- **THE RECORDS**:
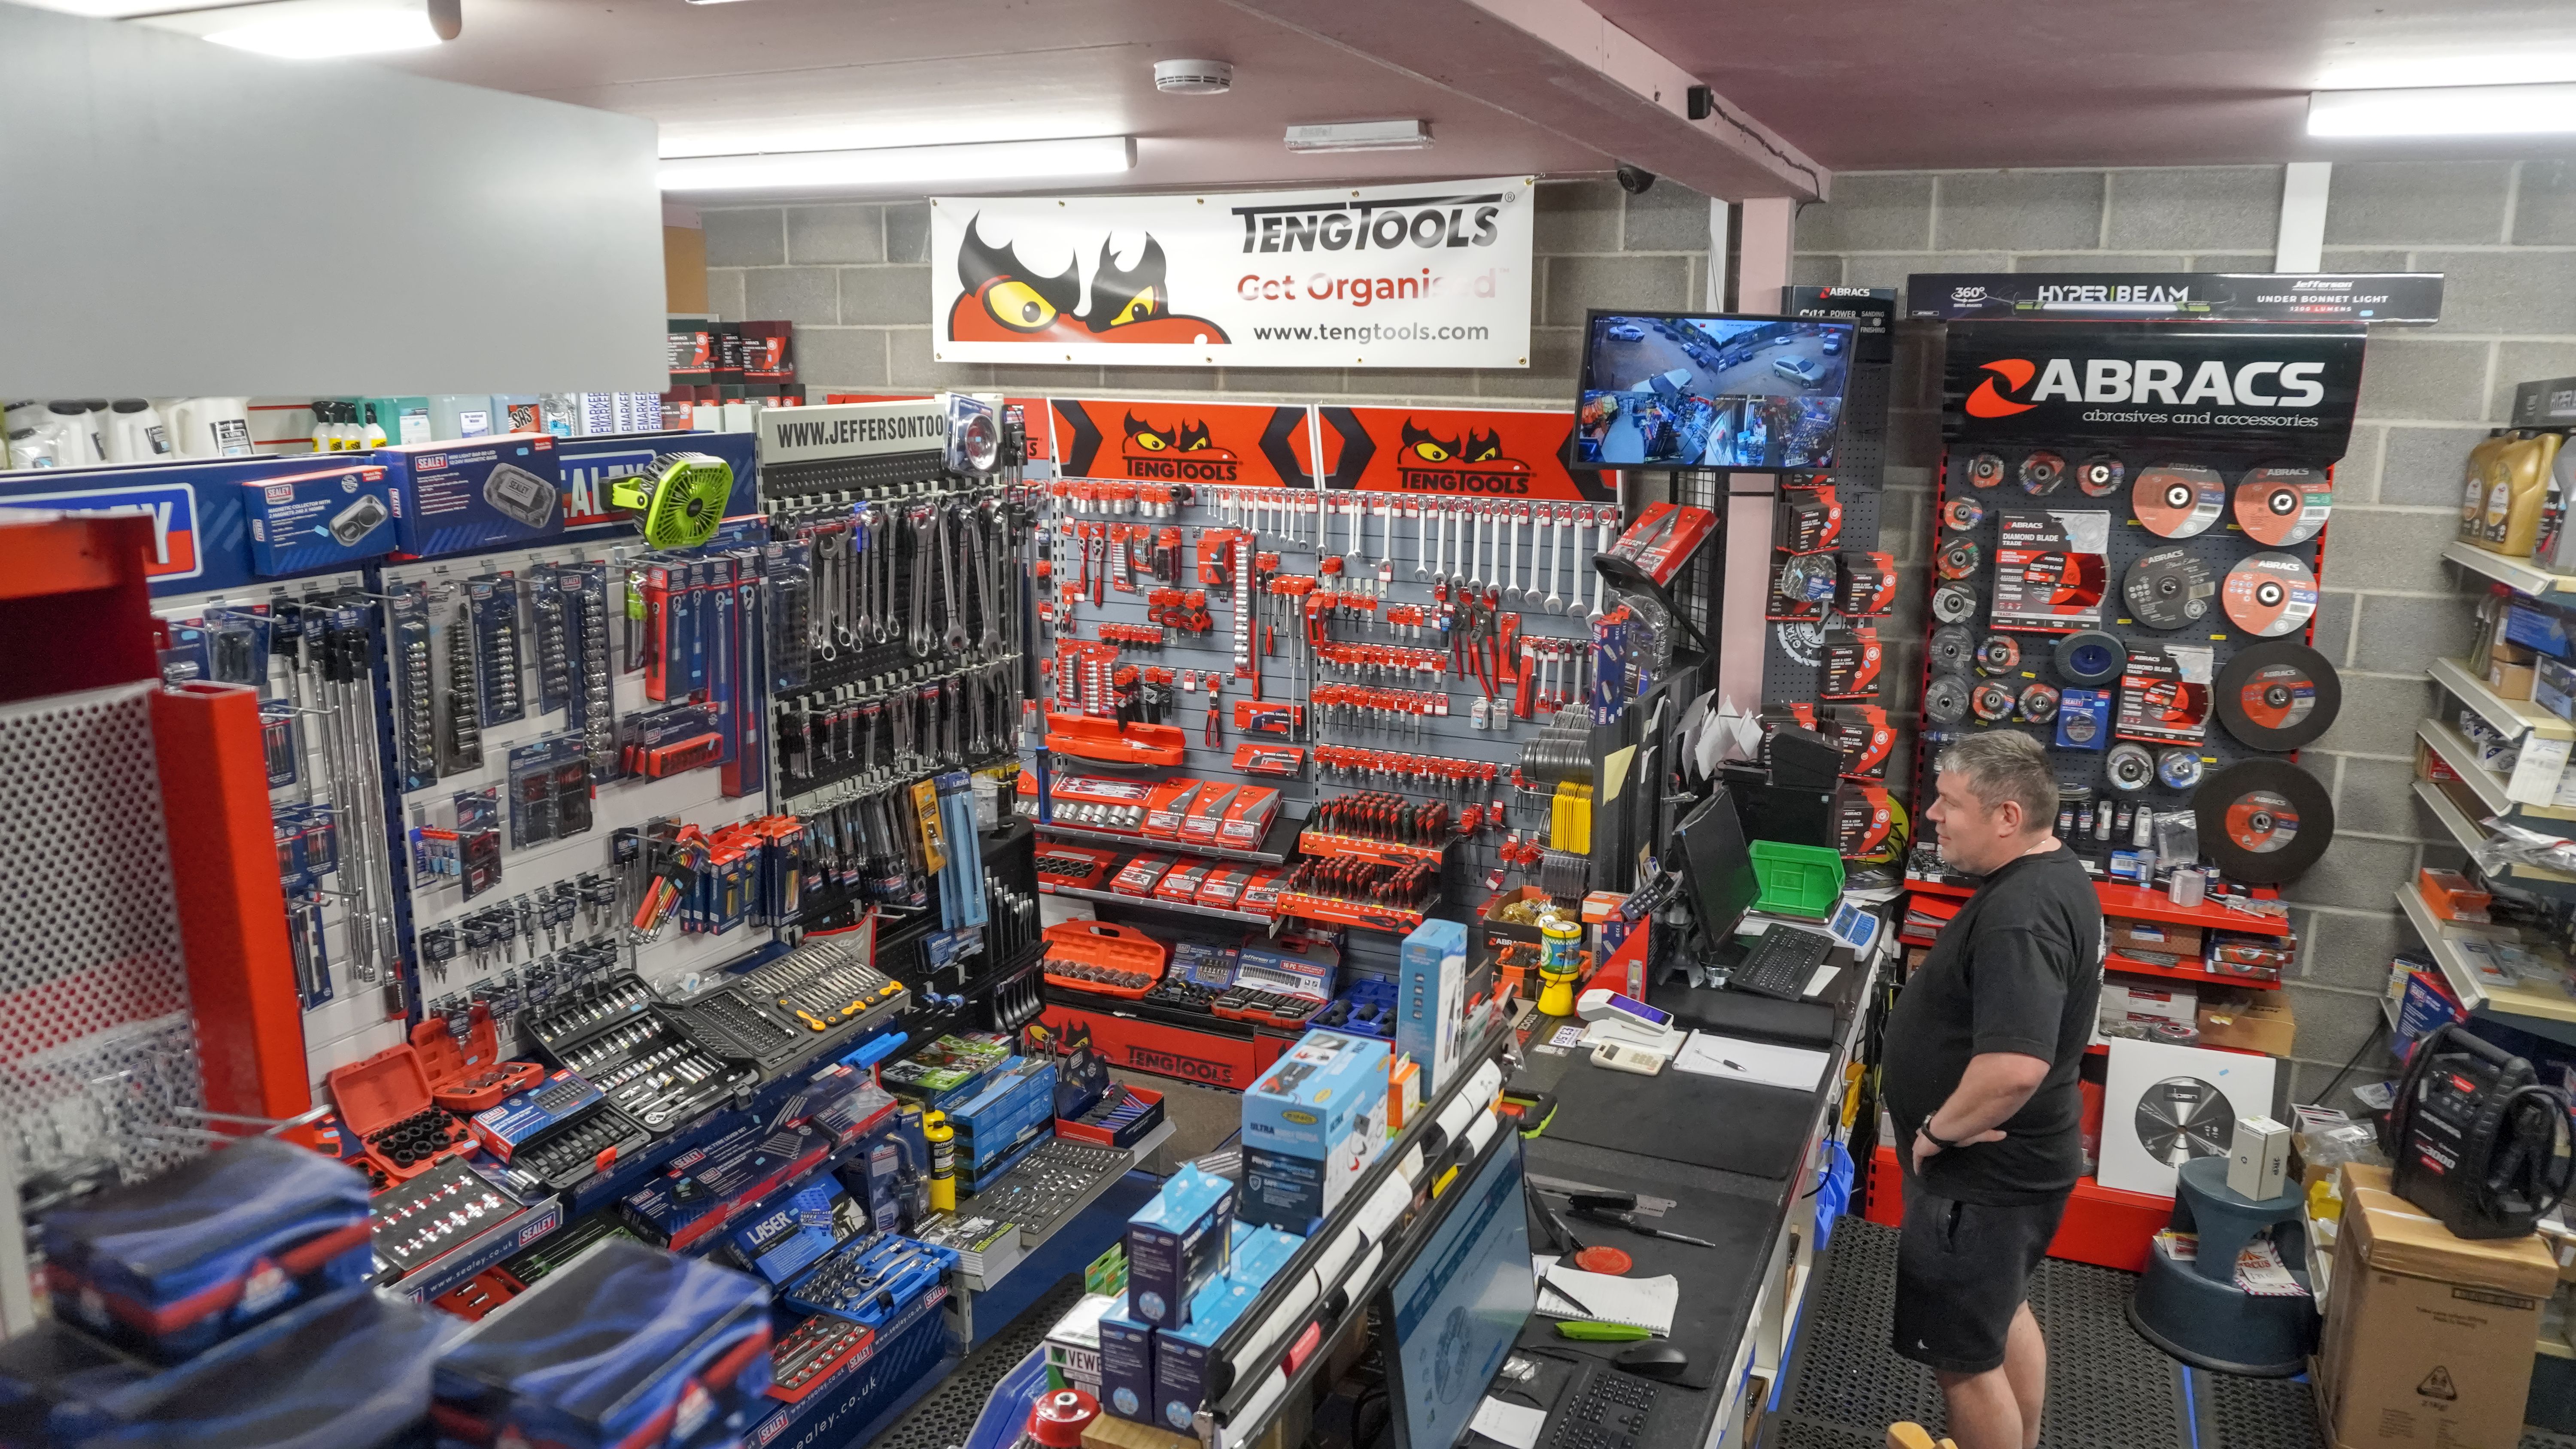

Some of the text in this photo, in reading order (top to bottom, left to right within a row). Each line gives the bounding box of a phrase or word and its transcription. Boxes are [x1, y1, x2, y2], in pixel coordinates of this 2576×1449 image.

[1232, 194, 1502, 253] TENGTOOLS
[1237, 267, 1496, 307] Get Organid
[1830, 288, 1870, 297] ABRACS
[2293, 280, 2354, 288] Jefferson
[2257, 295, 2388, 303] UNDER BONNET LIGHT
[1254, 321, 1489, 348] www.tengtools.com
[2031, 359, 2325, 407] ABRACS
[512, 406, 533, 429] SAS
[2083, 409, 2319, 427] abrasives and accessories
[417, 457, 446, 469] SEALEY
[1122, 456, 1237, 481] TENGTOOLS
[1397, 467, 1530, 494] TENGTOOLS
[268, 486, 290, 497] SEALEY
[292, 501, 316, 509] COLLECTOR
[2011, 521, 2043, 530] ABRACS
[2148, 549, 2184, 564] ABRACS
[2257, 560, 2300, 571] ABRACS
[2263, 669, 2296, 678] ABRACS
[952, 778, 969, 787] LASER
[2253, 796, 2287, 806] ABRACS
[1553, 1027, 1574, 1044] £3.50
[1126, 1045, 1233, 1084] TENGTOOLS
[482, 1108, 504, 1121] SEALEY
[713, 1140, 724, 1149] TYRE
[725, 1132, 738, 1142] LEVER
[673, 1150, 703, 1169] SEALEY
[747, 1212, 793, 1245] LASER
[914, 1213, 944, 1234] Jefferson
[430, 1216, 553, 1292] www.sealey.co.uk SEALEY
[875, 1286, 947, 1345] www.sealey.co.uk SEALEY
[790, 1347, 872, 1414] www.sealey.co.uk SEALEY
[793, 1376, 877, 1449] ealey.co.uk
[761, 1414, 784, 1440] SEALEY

- **WHAT YOU ARE ASKED TO DO**: Could you set down every entry again exactly as written, leaving out any pictures?

- **TASK RESPONSE**:
Some of the text in this photo, in reading order (top to bottom, left to right within a row). Each line gives the bounding box of a phrase or word and its transcription. Boxes are [x1, y1, x2, y2], in pixel coordinates of this 2576×1449 image.

[1232, 194, 1502, 253] TENGTOOLS
[1237, 267, 1496, 307] Get Organid
[1830, 288, 1870, 297] ABRACS
[2293, 280, 2354, 288] Jefferson
[2257, 295, 2388, 303] UNDER BONNET LIGHT
[1254, 321, 1489, 348] www.tengtools.com
[2031, 359, 2325, 407] ABRACS
[512, 406, 533, 429] SAS
[2083, 409, 2319, 427] abrasives and accessories
[417, 457, 446, 469] SEALEY
[1122, 456, 1237, 481] TENGTOOLS
[1397, 467, 1530, 494] TENGTOOLS
[268, 486, 290, 497] SEALEY
[292, 501, 316, 509] COLLECTOR
[2011, 521, 2043, 530] ABRACS
[2148, 549, 2184, 564] ABRACS
[2257, 560, 2300, 571] ABRACS
[2263, 669, 2296, 678] ABRACS
[952, 778, 969, 787] LASER
[2253, 796, 2287, 806] ABRACS
[1553, 1027, 1574, 1044] £3.50
[1126, 1045, 1233, 1084] TENGTOOLS
[482, 1108, 504, 1121] SEALEY
[713, 1140, 724, 1149] TYRE
[725, 1132, 738, 1142] LEVER
[673, 1150, 703, 1169] SEALEY
[747, 1212, 793, 1245] LASER
[914, 1213, 944, 1234] Jefferson
[430, 1216, 553, 1292] www.sealey.co.uk SEALEY
[875, 1286, 947, 1345] www.sealey.co.uk SEALEY
[790, 1347, 872, 1414] www.sealey.co.uk SEALEY
[793, 1376, 877, 1449] ealey.co.uk
[761, 1414, 784, 1440] SEALEY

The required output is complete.